Condensed azepines as vasopressin agonists
    3.
    发明申请
    Condensed azepines as vasopressin agonists 有权
    浓缩吖庚因作为血管加压素激动剂

    公开(公告)号:US20060154916A1

    公开(公告)日:2006-07-13

    申请号:US11370861

    申请日:2006-03-09

    IPC分类号: A61K31/553 A61K31/551

    摘要: This invention provides novel compounds according to general formula (1) wherein A is a bicyclic or tricyclic azepine derivative, V1 and V2 are both H, OMe or F, or one of V1 and V2 is Br, Cl, F, OH, OMe, OBn, OPh, O-acyl, N3, NH2, NHBn or NH-acyl and the other is H, or V1 and V2 together are ═O, —O(CH2)pO— or —S(CH2)pS—; W1 is either O or S; X1 and X2 are both H, or together are ═O or ═S; Y is OR5 or NR6R7; R1, R2, R3 and R4 are independently selected from H, lower alkyl, lower alkyloxy, F, Cl and Br; R5 is selected from H and lower alkyl; R6 and R7 are independently selected from H and lower alkyl, or together are —(CH2)n; n=3, 4, 5, 6; and p is 2 or 3. The compounds are agonists at the vasopressin V2 receptor and are useful as antidiuretics and procoagulants. The invention further comprises pharmaceutical compositions incorporating these vasopressin agonists, which compositions are particularly useful in the treatment of central diabetes insipidus, nocturnal enuresis and nocturia.

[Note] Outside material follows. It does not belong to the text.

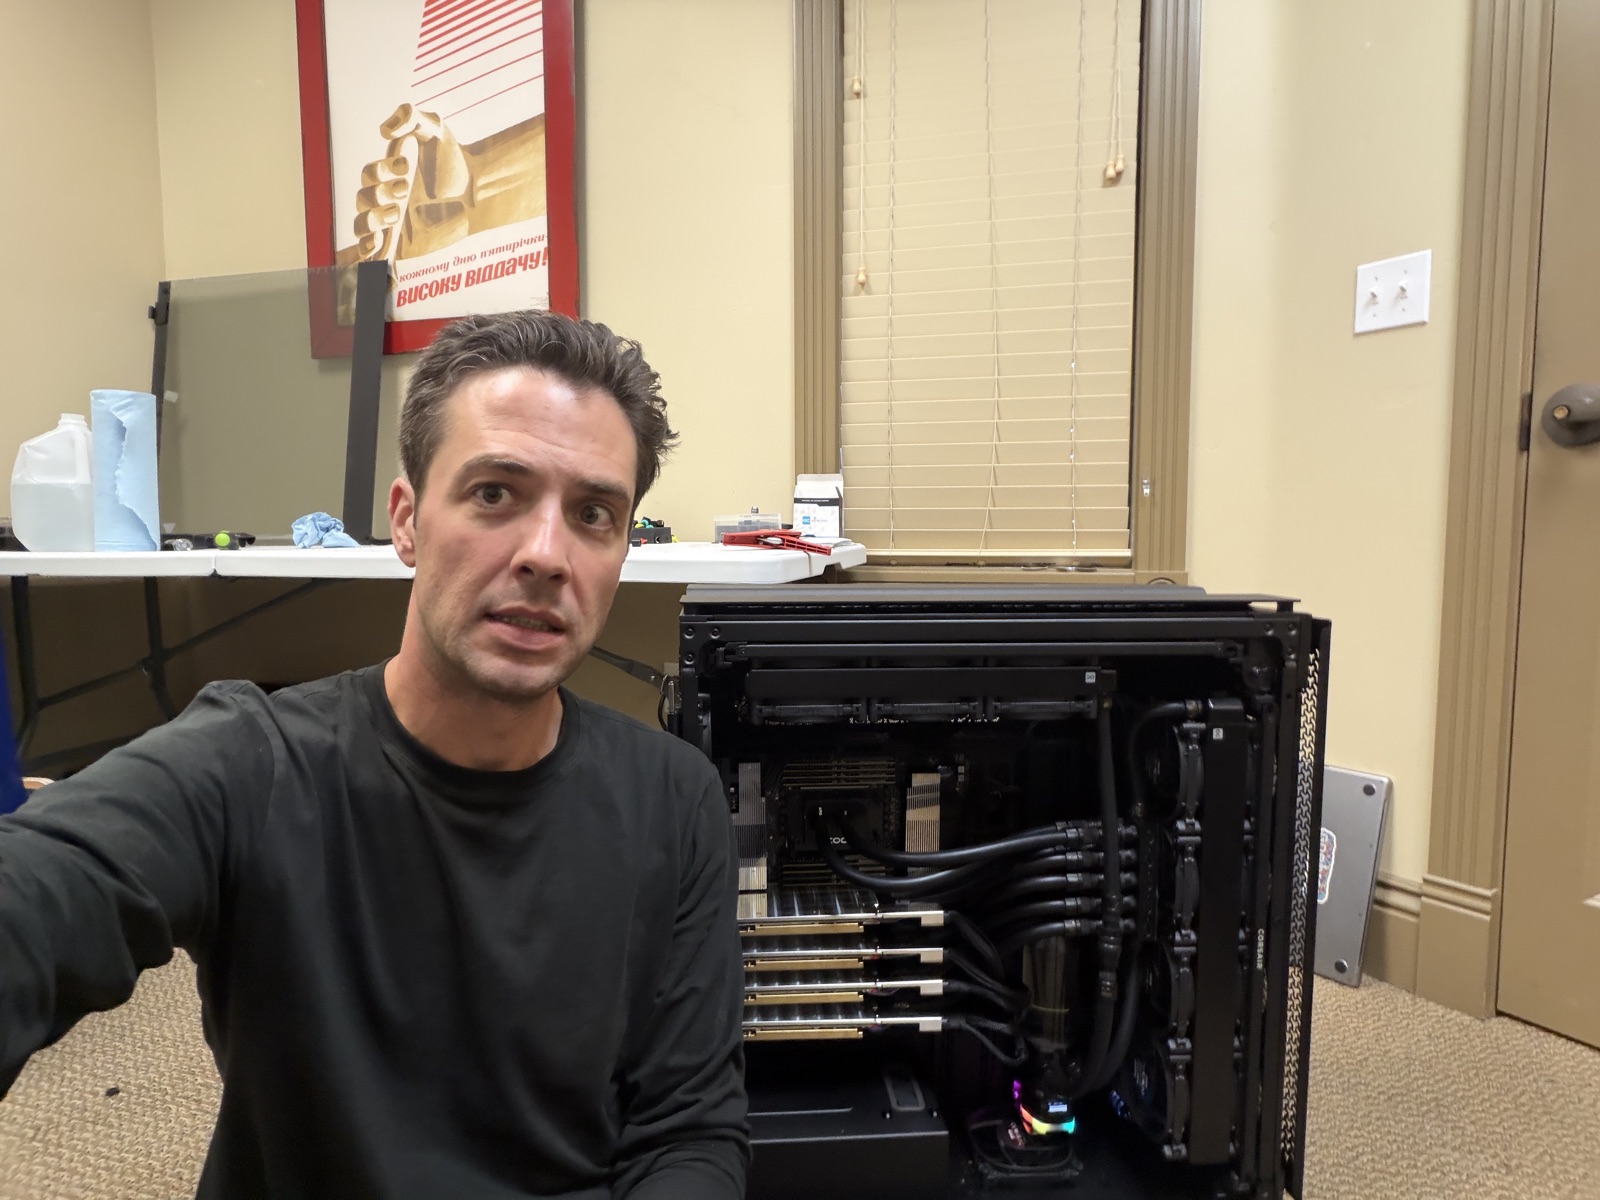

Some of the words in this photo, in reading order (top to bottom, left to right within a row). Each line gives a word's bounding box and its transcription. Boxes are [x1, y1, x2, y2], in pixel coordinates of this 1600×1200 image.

[399, 261, 450, 282] кожному
[452, 253, 477, 266] дню
[1256, 928, 1265, 970] CORSAIR

    摘要翻译: 本发明提供了根据通式(1)的新化合物,其中A是双环或三环吖庚因衍生物,V 1和V 2均为H,OMe或F,或 V 1和V 2之一是Br,Cl,F,OH,OMe,OBn,OPh,O-酰基,N 3, NH 2,NHBn或NH-酰基,另一个是H,或V 1和V 2一起是-O,-O(CH O - 或-S(CH 2)n -S-; -S-(CH 2)n - O 1或O 2是O或S; X 1和X 2均为H或一起为-O或-S; Y是OR 5或NR 6 R 7; R 1,R 2,R 3和R 4独立地选自H,低级烷基,低级烷氧基 ,F,Cl和Br; R 5选自H和低级烷基; R 6和R 7独立地选自H和低级烷基,或者一起是 - (CH 2)n ; n = 3,4,5,6; p是2或3.化合物是加压素V2受体的激动剂,可用作抗利尿剂和促凝剂。 本发明还包括掺入这些加压素激动剂的药物组合物,该组合物特别可用于治疗中枢性尿崩症,夜间遗尿和夜尿症。